It's been kind of an awful couple of days for me, and I really need to get it out before it starts festering. Today's my birthday, and while I don't have a problem with getting older or birthdays in general, it's serving as a pretty awful reminder of how alone I've become. I'm not really sure how it happened, but I have very few friends and of the ones I do have, none of them seem to know that today's my birthday. I know I could have said something, but that seems even more pathetic. I also don't want to make people feel bad about forgetting or not knowing.
My parents did call and send a card (they live on the other end of the country), and I had to admit that I don't have any plans for today or any plans at all to celebrate. Saying out loud was not a happy moment for me.
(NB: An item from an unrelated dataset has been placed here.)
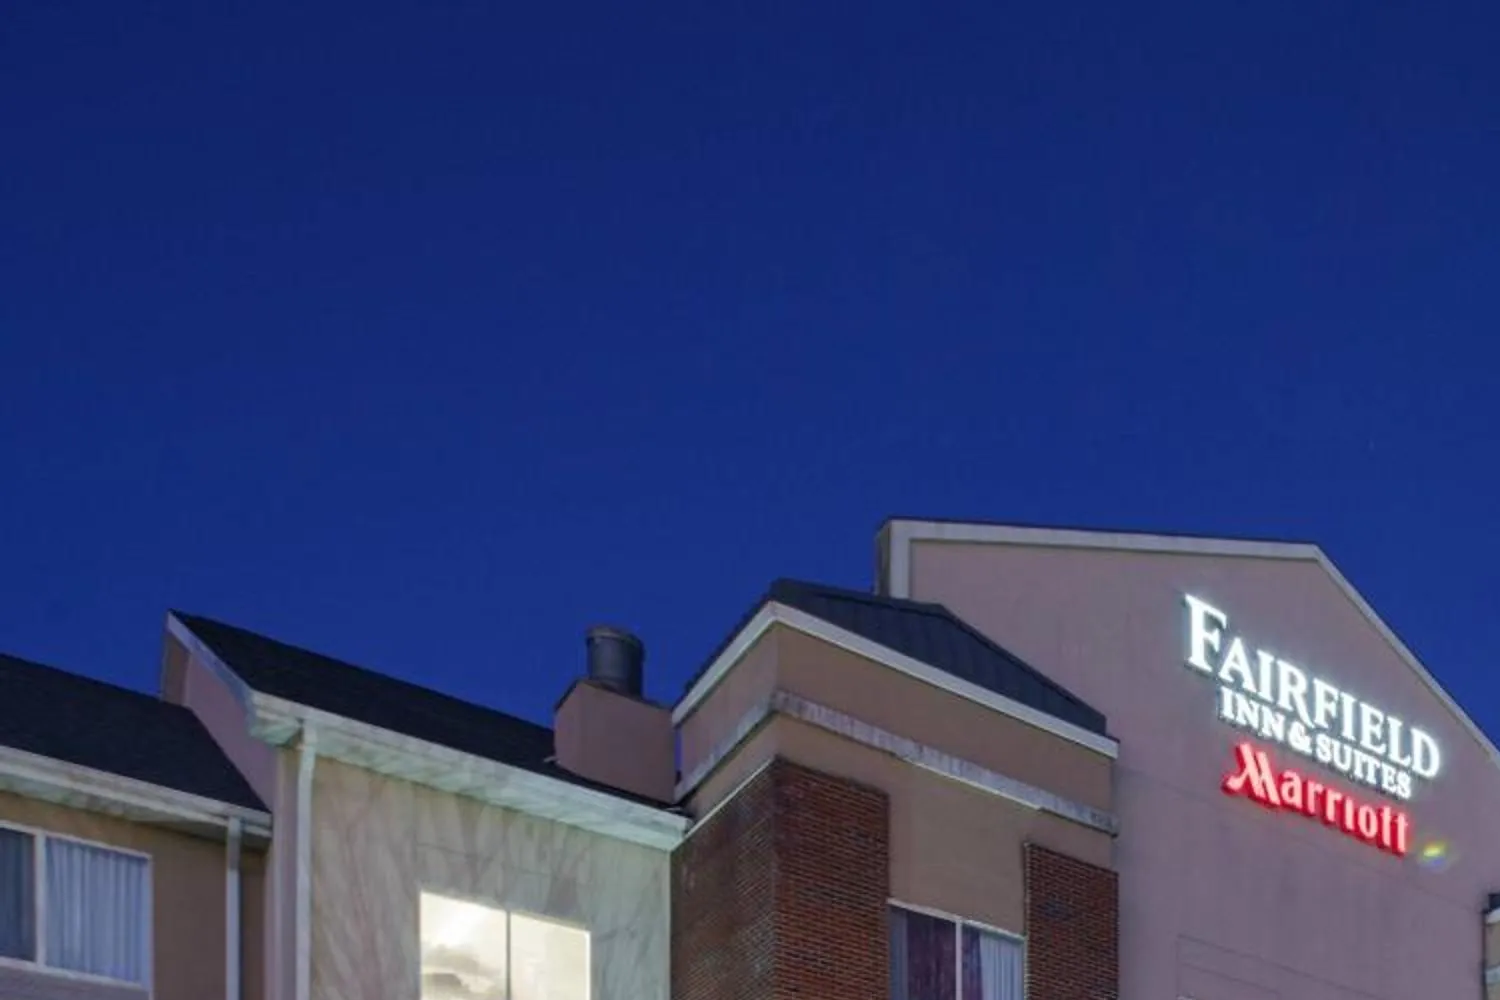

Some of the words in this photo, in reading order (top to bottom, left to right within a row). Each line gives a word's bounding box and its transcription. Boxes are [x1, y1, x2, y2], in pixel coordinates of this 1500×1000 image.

I just feel awful and alone and terribly sorry for myself. It's not that I haven't made an effort to meet new people and make new friends -- it's just that I'm not very good at it.
About twenty minutes ago, I almost bought a big, gooey chocolate cupcake. I deserved it, I told myself. I'm not going to have a cake, after all. But the truth was that I didn't want it to celebrate; I just wanted it to make myself feel better. Once I admitted that, I stood there telling myself that the only problem that food can solve is hunger. The last thing I need to make this day worse is to fall back into emotional eating.
I don't know that there's anything I can do to make this day better. Right now, I just want to focus on getting through the day without making things worse. Although my head hurts from crying (and trying not to cry), I feel a little better just from having shared it. Thanks for listening.